UOL Esporte Fórmula 1
 
02/11/2009 - 07h02

Mudanças no regulamento proporcionam o ano das equipes pequenas

Guga Fakri
Em São Paulo
Com menos auxílio eletrônico, restrições de giro dos propulsores, testes controlados e quantidade de motores e caixas de câmbio limitada, a temporada 2009 da Fórmula 1 proporcionou uma nova divisão de forças e viu as equipes pequenas superarem as grandes durante praticamente todo o campeonato.

EM ANO DE MUDANÇAS, BRAWN É CAMPEÃ

  • Bruno Domingos/Reuters

    Jenson Button e Ross Brawn começaram o ano desempregados e terminaram como campeões

A nova realidade da categoria ficou evidenciada pelos títulos de pilotos e construtores da Brawn GP, o vice-campeonato da Red Bull entre as equipes e a pole position e o pódio conquistados pela Force India, que no ano passado era a equipe mais fraca do grid. Enquanto isso, as poderosas Ferrari e McLaren amargaram um ano sem brilho e de dificuldades.

Sem dúvida, a maior surpresa da temporada foi a Brawn GP, que surgiu como uma grande incógnita ao substituir a Honda após a empresa japonesa deixar a categoria no fim de 2008. Ao assumir a equipe, Ross Brawn sabia que teria um bom carro em 2009: o BGP1 foi desenvolvido pelo inglês durante a temporada do ano passado, com grande investimento da montadora japonesa.

Menos de um mês após seu nascimento, a Brawn GP assombrou o mundo ao conquistar uma dobradinha no GP de abertura da temporada, na Austrália, com Jenson Button em primeiro e Rubens Barrichello em segundo. Após cinco pole positions e oito vitórias (seis de Button e duas de Barrichello), o time inglês entrou para a história da F-1 ao se tornar a primeira equipe campeã de construtores e de pilotos em seu ano de estreia.

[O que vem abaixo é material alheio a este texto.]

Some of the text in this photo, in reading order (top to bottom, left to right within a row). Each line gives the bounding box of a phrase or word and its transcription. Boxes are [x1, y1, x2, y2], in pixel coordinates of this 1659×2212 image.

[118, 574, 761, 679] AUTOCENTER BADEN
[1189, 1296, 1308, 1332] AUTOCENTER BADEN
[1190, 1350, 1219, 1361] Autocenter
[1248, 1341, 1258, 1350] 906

Principal rival da Brawn este ano, a Red Bull teve, de longe, sua melhor temporada em cinco anos de Fórmula 1. Com o modelo RB5, desenhado pelo aclamado projetista inglês Adrian Newey, a equipe conquistou cinco pole positions e seis vitórias (quatro de Sebastian Vettel e duas de Mark Webber). Até então, o time austríaco nunca havia vencido um Grande Prêmio.

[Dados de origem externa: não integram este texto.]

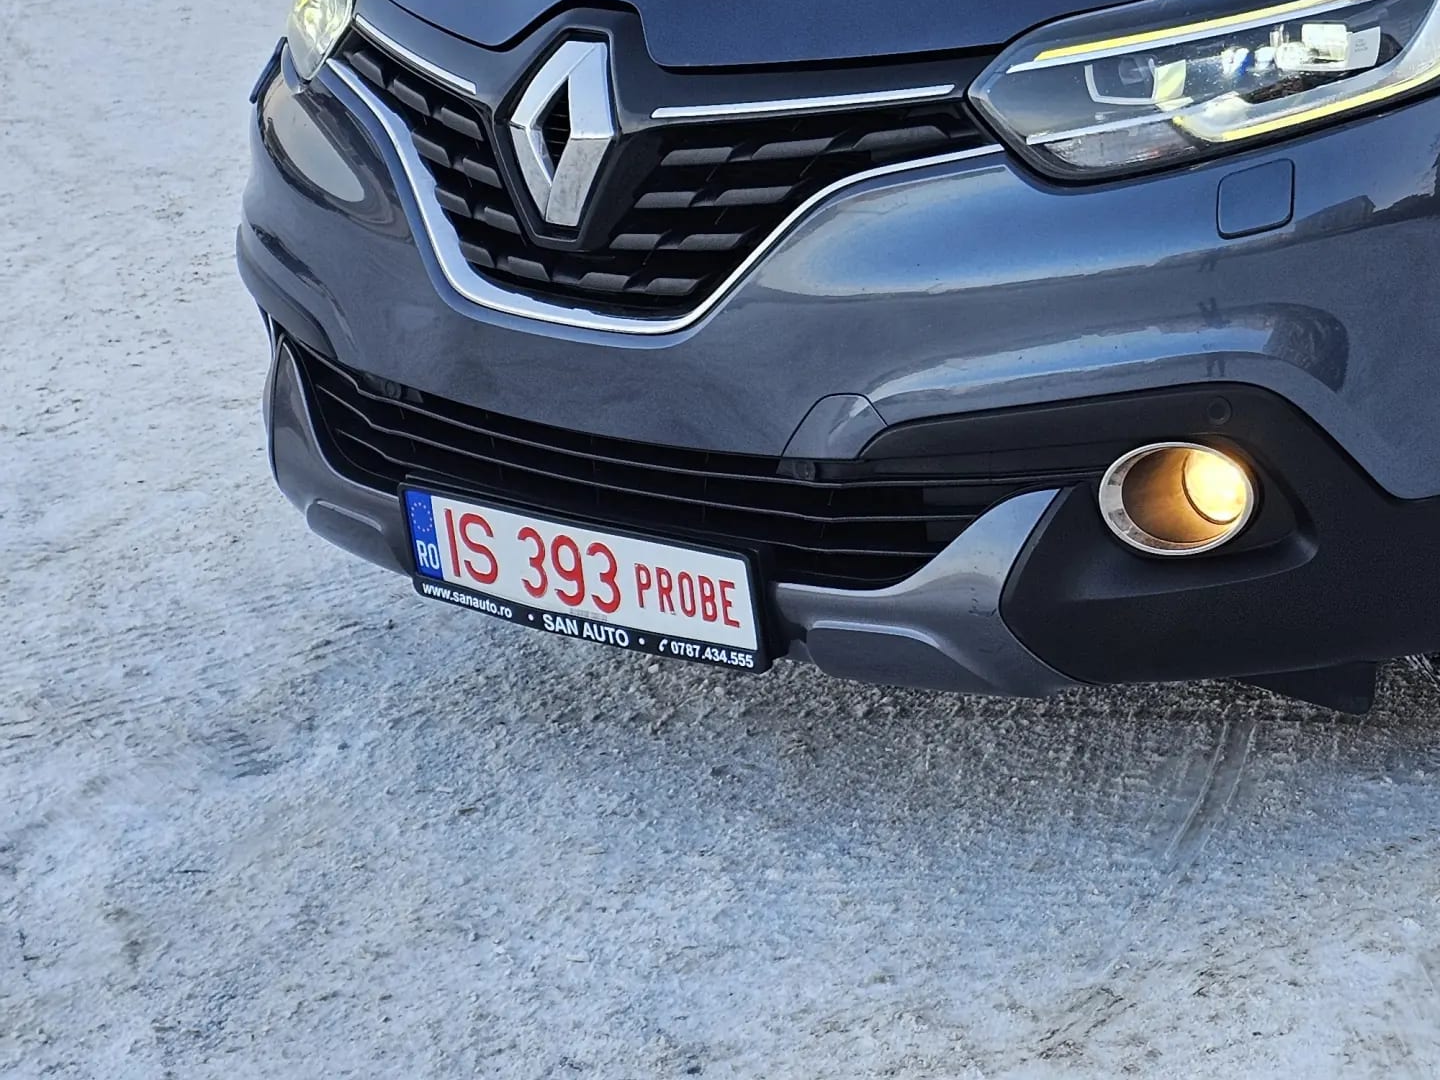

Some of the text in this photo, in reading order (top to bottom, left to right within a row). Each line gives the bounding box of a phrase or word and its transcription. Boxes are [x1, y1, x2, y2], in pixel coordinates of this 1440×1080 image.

[416, 540, 440, 570] RO
[444, 508, 741, 628] IS 393 PROBE
[422, 582, 513, 619] www.sanauto.ro
[542, 613, 579, 636] SAN
[582, 621, 630, 647] AUTO
[670, 641, 755, 669] 0787.434.555
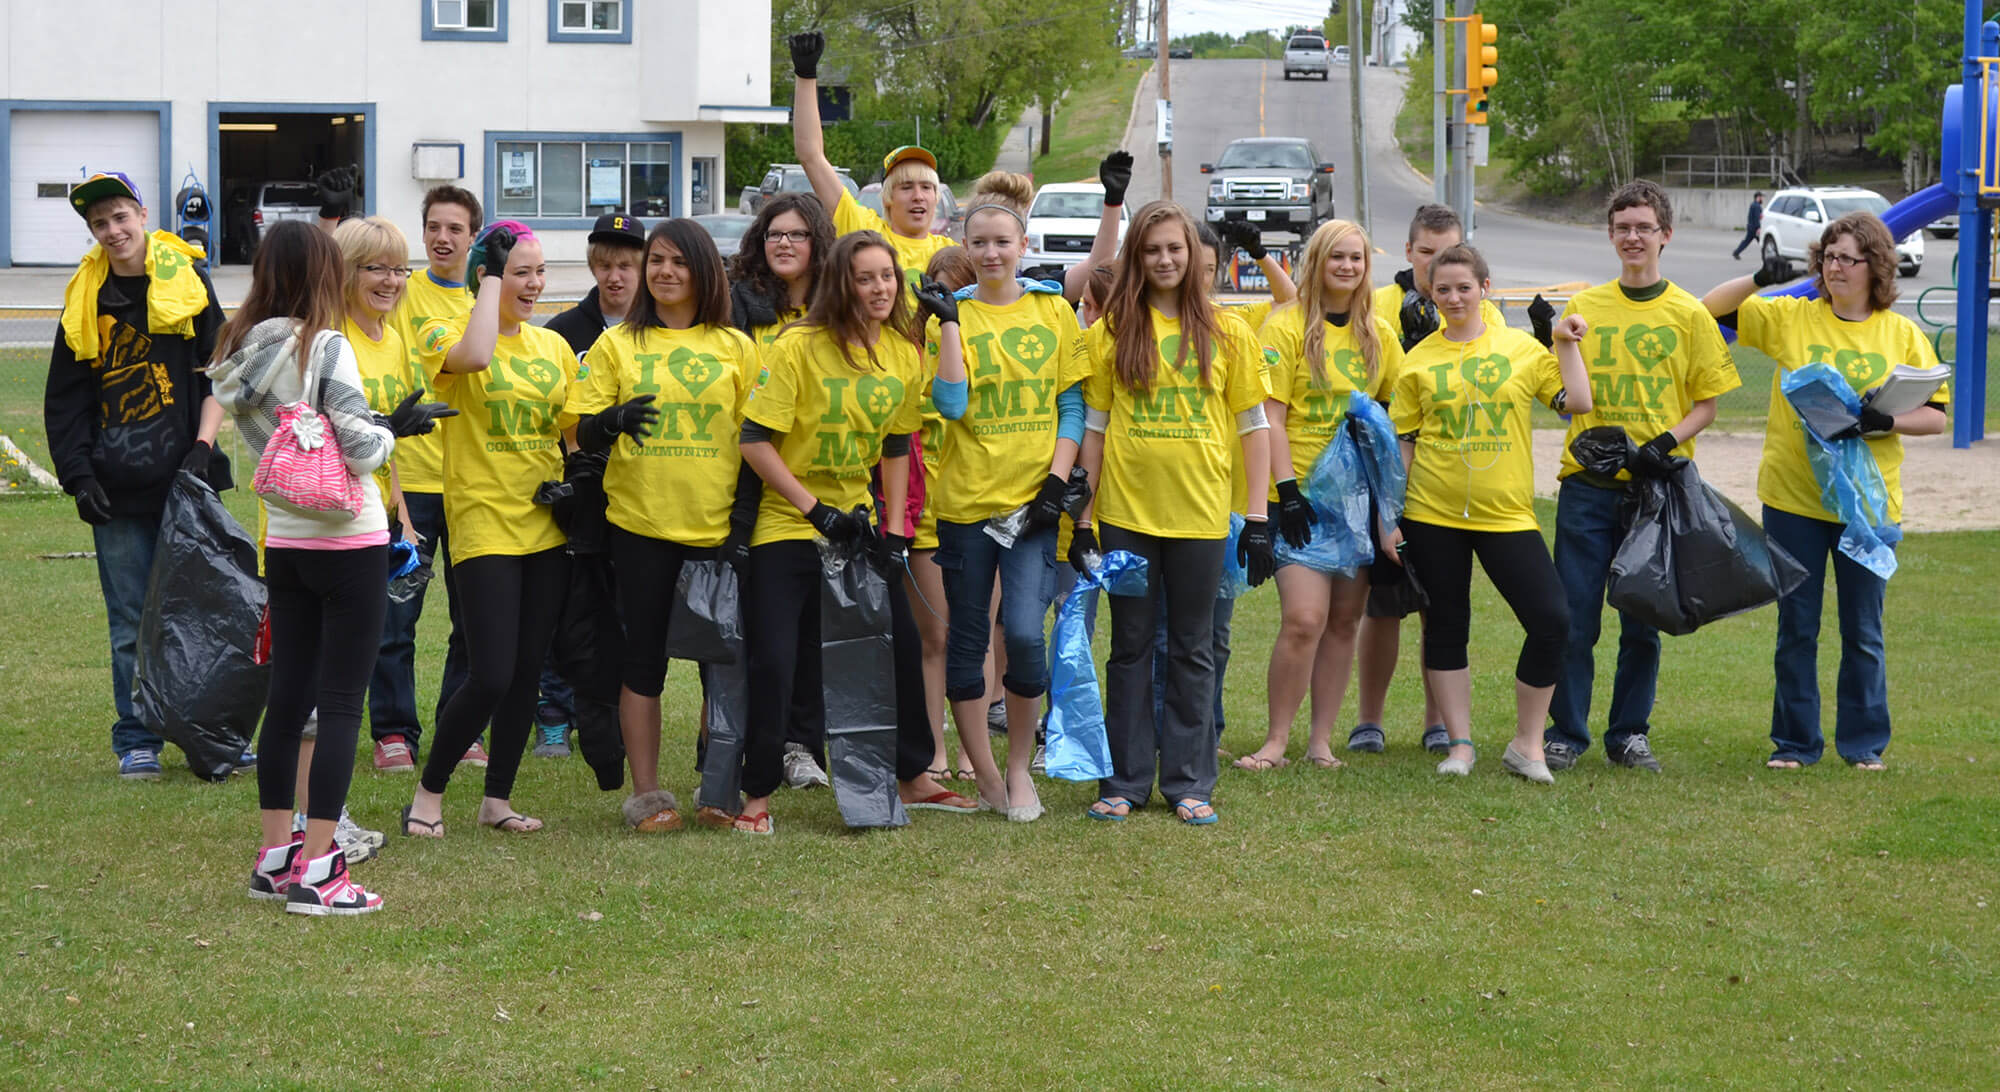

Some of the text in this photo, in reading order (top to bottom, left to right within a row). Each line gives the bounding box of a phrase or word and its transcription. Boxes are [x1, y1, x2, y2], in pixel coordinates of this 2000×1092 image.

[79, 165, 87, 179] 1
[968, 332, 1002, 378] I
[1593, 326, 1619, 366] I
[632, 353, 663, 394] I
[1428, 363, 1456, 402] I
[1591, 373, 1673, 410] MY
[820, 378, 849, 424] I
[974, 378, 1055, 419] MY
[1127, 386, 1216, 423] MY
[1303, 395, 1351, 422] M
[484, 400, 563, 436] MY
[1433, 402, 1514, 439] MY
[630, 446, 720, 458] COMMUNITY
[811, 431, 881, 467] MY

Mesmo fechando o ano em penúltimo lugar na tabela, a Force India foi destaque em 2009. Em sua segunda temporada na F-1, o time conquistou a pole position e o segundo lugar em uma das pistas mais tradicionais do calendário, Spa-Francorchamps. O piloto responsável pelo feito foi o italiano Giancarlo Fisichella, que acabou a temporada como substituto de Felipe Massa na Ferrari.

Enquanto as novas regras beneficiaram as equipes pequenas, atrapalharam os planos das poderosas Ferrari e McLaren, que dominaram as temporadas de 2007 e 2008. Na briga pelo título do ano passado, ambas as equipes mantiveram seus investimentos principalmente nos carros de 2008, em detrimento ao desenvolvimento dos bólidos que seriam usados este ano.

O resultado foi uma temporada inteira tentando recuperar o tempo perdido. A Ferrari só conseguiu marcar seus primeiros pontos na 4ª etapa, no Bahrein, com um 6º lugar de Kimi Räikkönen. Já a McLaren começou o ano com um dos carros mais lentos do grid. A equipe só conseguiu passar para a terceira parte (Q3) de um treino classificatório no GP da China, 3ª etapa do ano, quando Hamilton largou em 9º.

Com grande investimento, as duas equipes mais vencedoras da Fórmula 1 conseguiram melhoras significativas na segunda metade da temporada, mas já era tarde para lutar pelo título. No fim, a McLaren conseguiu "somente" duas vitórias, com Hamilton (Hungria e Cingapura), enquanto a Ferrari venceu apenas uma, com Räikkönen, na Bélgica. Mas a equipe inglesa, ao menos, terminou na terceira posição de construtores, à frente da equipe de Maranello.